Elsevier

Information Sciences

Volume 547, 8 February 2021, Pages 870-886
Information Sciences

A differential evolution based feature combination selection algorithm for high-dimensional data

https://doi.org/10.1016/j.ins.2020.08.081Get rights and content

Abstract

Feature combination selection is used in object classification to select complementary features that can produce a powerful combination. One active area of selecting feature combinations is genome-wide association studies (GWAS). However, selecting feature combinations from high-dimensional GWAS data faces a serious issue of high computational complexity. In this paper, a fast evolutionary optimization method named search-history-guided differential evolution (HGDE) is proposed to deal with the problem. This method applies the search history memorized in a binary space partitioning tree to enhance its power for selecting feature combinations. We perform a comparative study on the proposed HGDE algorithm and other state-of-the-art algorithms using synthetic datasets, and later employ the HGDE algorithm in experiments on a real age-related macular degeneration dataset. The experimental results show that this proposed algorithm has superior performance in the selection of feature combinations. Moreover, the results provide a reference for studying the functional mechanisms of age-related macular degeneration.

Introduction

High-dimensional data are becoming increasingly common in various fields, and one of the most active areas of high-dimensional data analysis is genome-wide association studies (GWAS) [5], [19], [46]. GWAS are undertaken with the purpose of detecting the associations between single nucleotide polymorphisms (SNPs) and traits like major human diseases. Although some achievements of GWAS have been made in the identification of single-locus SNPs associated with Mendelian diseases, detecting susceptible SNPs related to complex diseases faces significant obstacles. One of the prime reasons for this is that the attack of numerous complex diseases would be affected by the interaction between SNPs. Such interactive effects of SNPs are called epistasis or epistatic interactions [36], [6], [43]. The comprehension of disease-associated epistatic interactions has significant value in the study of the pathogenesis of complex diseases, disease prevention, and research of biological medicine [21], [18], [31].

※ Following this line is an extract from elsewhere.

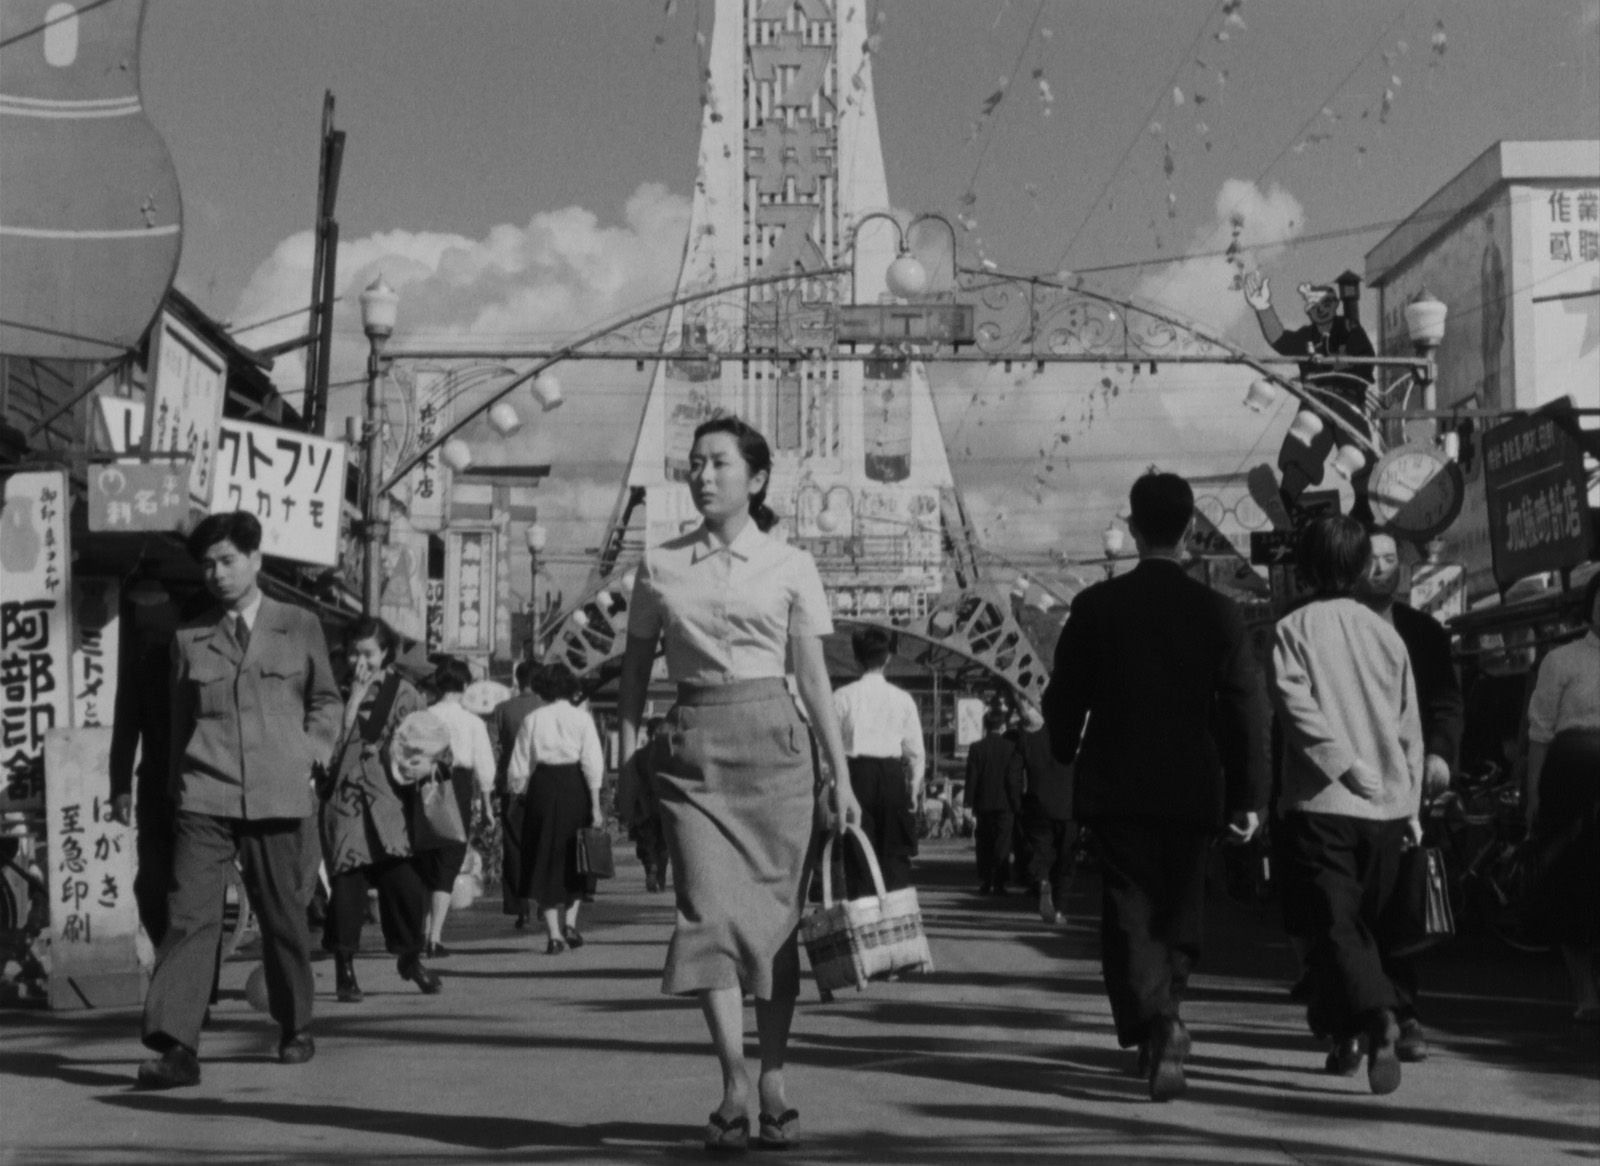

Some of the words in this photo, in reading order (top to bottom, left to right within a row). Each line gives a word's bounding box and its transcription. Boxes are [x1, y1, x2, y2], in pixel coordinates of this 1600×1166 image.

A GWAS dataset contains thousands of SNP combinations, but only a small fraction are associated with the disease. In this work, the problem of identifying disease-associated combinations is treated as a feature combination selection problem. However, selecting feature combinations from high-dimensional data faces serious computational challenges. For instance, it takes approximately 1.25×109 statistical tests to find the pairwise combinations from 50,000 SNPs genotyped in thousands of samples.

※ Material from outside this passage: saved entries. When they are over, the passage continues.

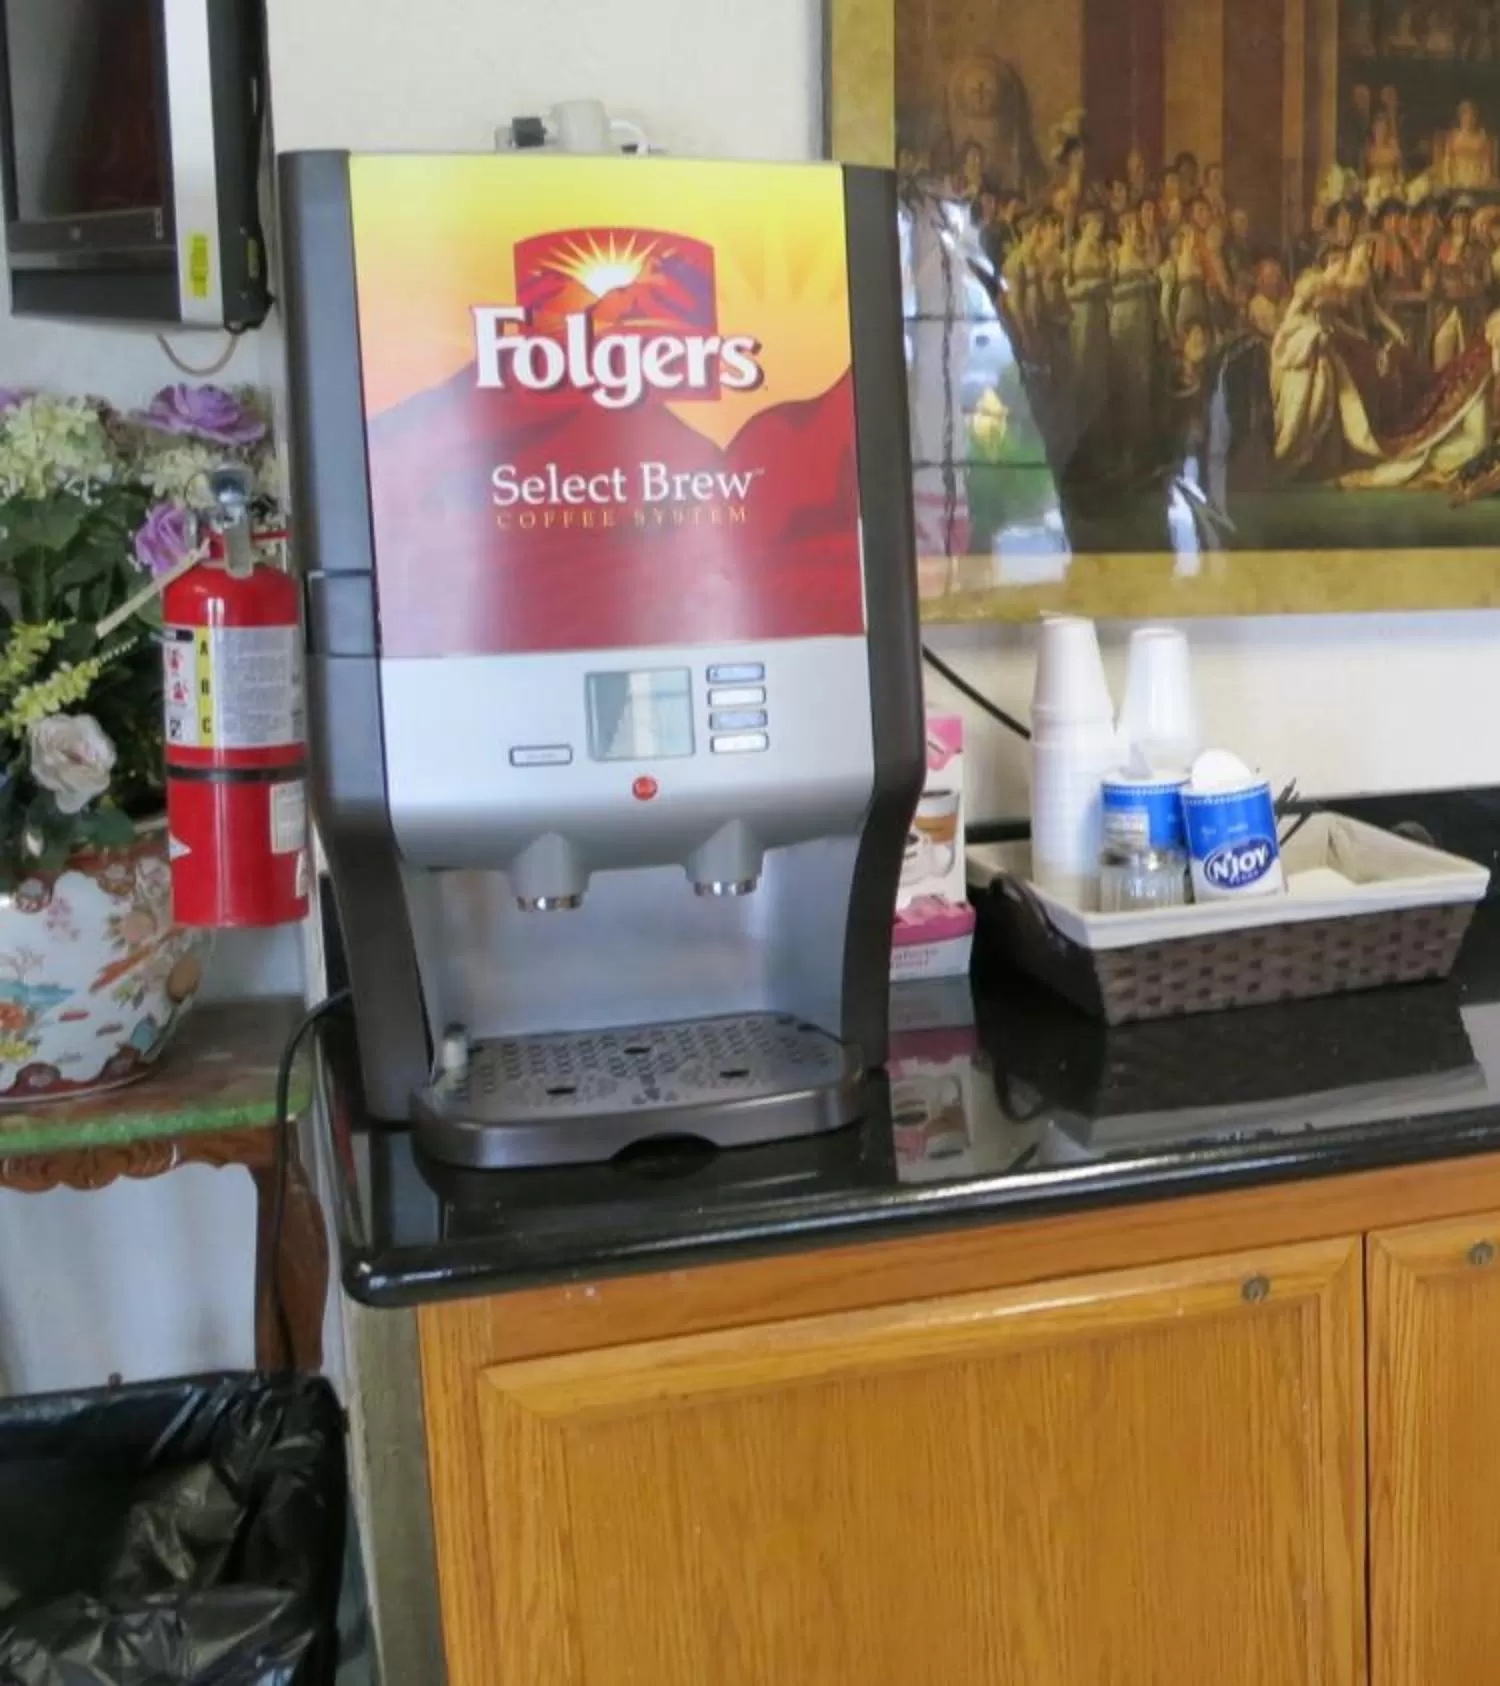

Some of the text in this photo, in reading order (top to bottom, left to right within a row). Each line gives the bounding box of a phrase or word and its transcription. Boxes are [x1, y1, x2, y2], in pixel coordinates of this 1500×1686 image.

[471, 305, 764, 408] Folgers
[491, 463, 627, 506] Select
[496, 506, 747, 529] COFFEE SYSTEM
[199, 640, 209, 656] A
[201, 716, 212, 734] C

Currently, there are several search algorithms that can deal with selecting feature combinations [16], [24]. According to their optimization strategies, these methods can be divided into four categories: exhaustive search algorithms, machine learning-based algorithms, stochastic search algorithms, and evolutionary algorithms. Stochastic search algorithms and evolutionary algorithms can handle high-dimensional data, but usually perform poorly in terms of accuracy and stability. Therefore, developing a more efficient and stable search algorithm is highly desired.

Differential evolution (DE) [25], [4] is an efficient population-based heuristic search algorithm. The DE algorithm solves the optimization problem through cooperation and competition among individuals in a population, and is essentially an evolutionary algorithm combined with the idea of optimal preservation. The algorithm is easily realized and has shown excellent performance in solving various problems, such as feature selection [44], numerical optimization [30], and ordering problems [1]. However, it is difficult to select disease-associated combinations using the traditional DE algorithm.

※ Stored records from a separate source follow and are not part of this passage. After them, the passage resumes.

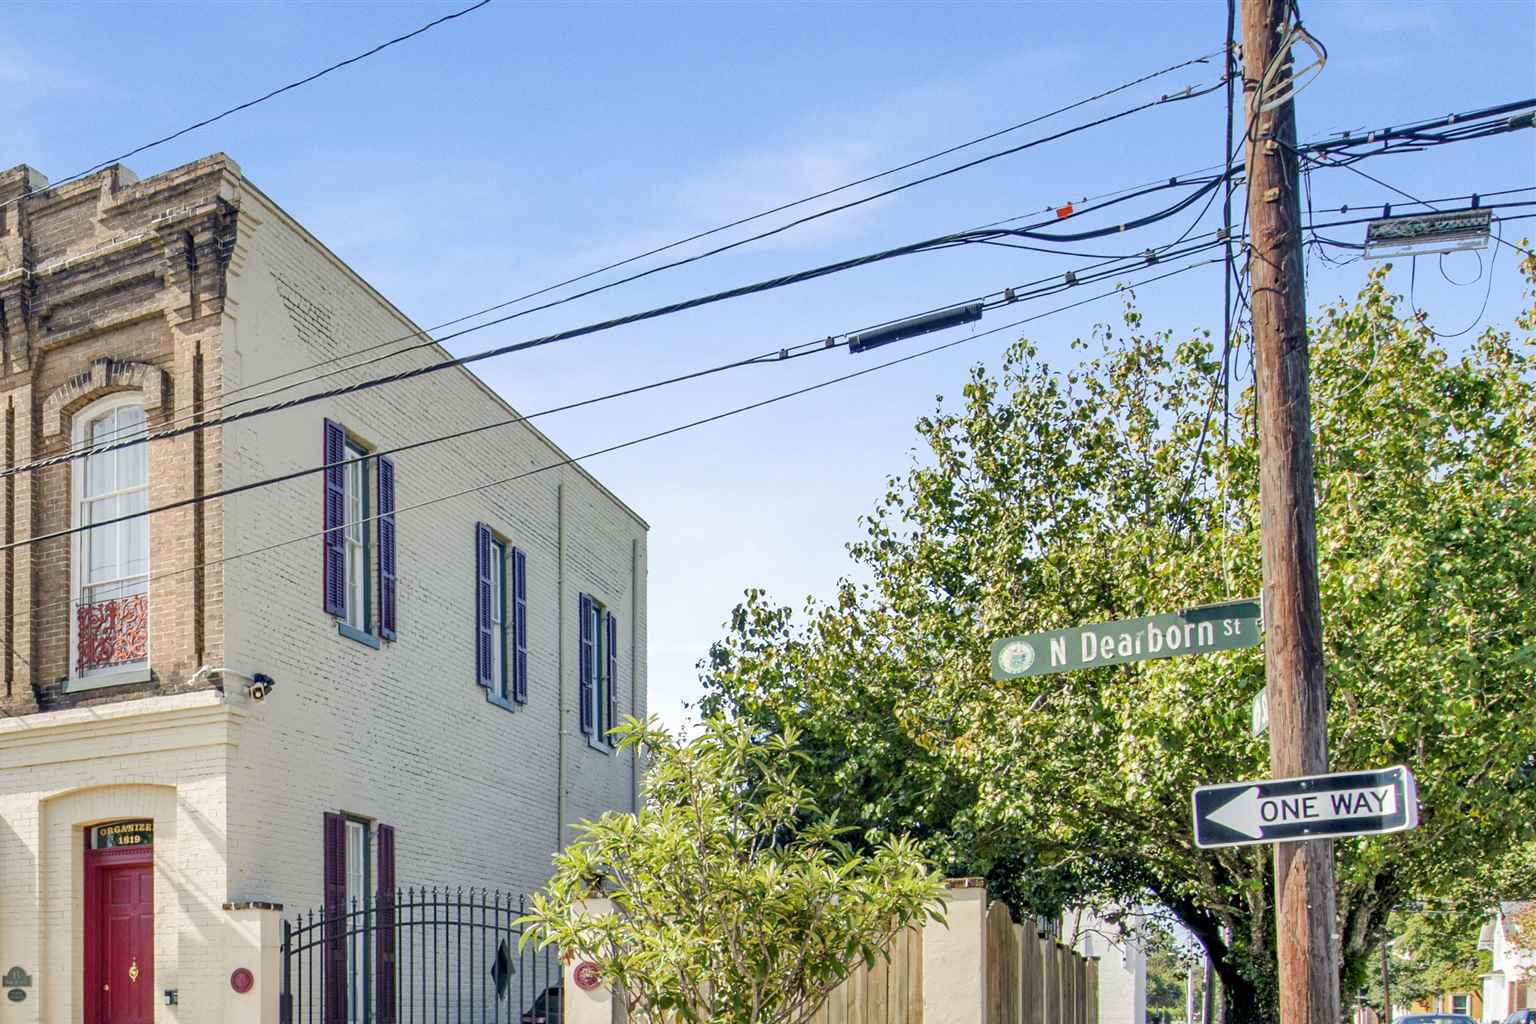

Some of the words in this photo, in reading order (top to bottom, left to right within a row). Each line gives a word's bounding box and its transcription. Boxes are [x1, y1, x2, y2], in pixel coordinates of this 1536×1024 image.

[1050, 637, 1067, 667] N
[1081, 621, 1214, 663] Dearborn
[1223, 618, 1241, 636] St
[1260, 796, 1318, 822] ONE
[1330, 789, 1389, 815] WAY

To make the DE algorithm select feature combinations from high-dimensional data more effectively, a novel differential evolution algorithm is proposed in this work. The proposed algorithm uses a BSP tree, which can memorize the search history [3], [42]. The search history records the position of the evaluated solution, and hence the proposed algorithm can avoid revisiting a reevaluated solution and guide the reevaluated solution to find an unvisited position. We call the proposed algorithm search-history-guided differential evolution (HGDE). HGDE possesses overwhelming advantages in three aspects (the source code of the proposed algorithm is available online at https://sourceforge.net/projects/hgde/).

  • (1)

    It is a fast method that does not need to evaluate all feature combinations.

  • (2)

    It can remove duplicates to maintain the diversity of the population, thereby reducing the probability of falling into local optima.

  • (3)

    It suggests the search direction by using the search history. If an individual is duplicated in the population, the search history can guide the duplicate to find an unvisited position.

Section snippets

Related work

Existing feature combination selection algorithms can be roughly divided into four categories: exhaustive search algorithms, machine learning-based algorithms, stochastic search algorithms, and evolutionary algorithms.

Exhaustive search algorithms enumerate all possible SNP combinations to identify disease-associated combinations. Multifactor dimensionality reduction (MDR) [22] and Boolean operation-based screening and testing (BOOST) [35] are two classical exhaustive algorithms. These methods

Problem definition

In the GWAS field, SNPs are bi-allelic markers. As a general rule, a capital letter (A,B,…) is used to indicate a major allele and a lower-case letter (a,b,…) is used to indicate a minor allele. There are three kinds of genotype combinations: the homozygous major genotype (AA), heterozygous genotype (Aa), and homozygous minor genotype (aa). Common practice in coding the genotype data is to express {AA,Aa,aa} as {0, 1, 2}.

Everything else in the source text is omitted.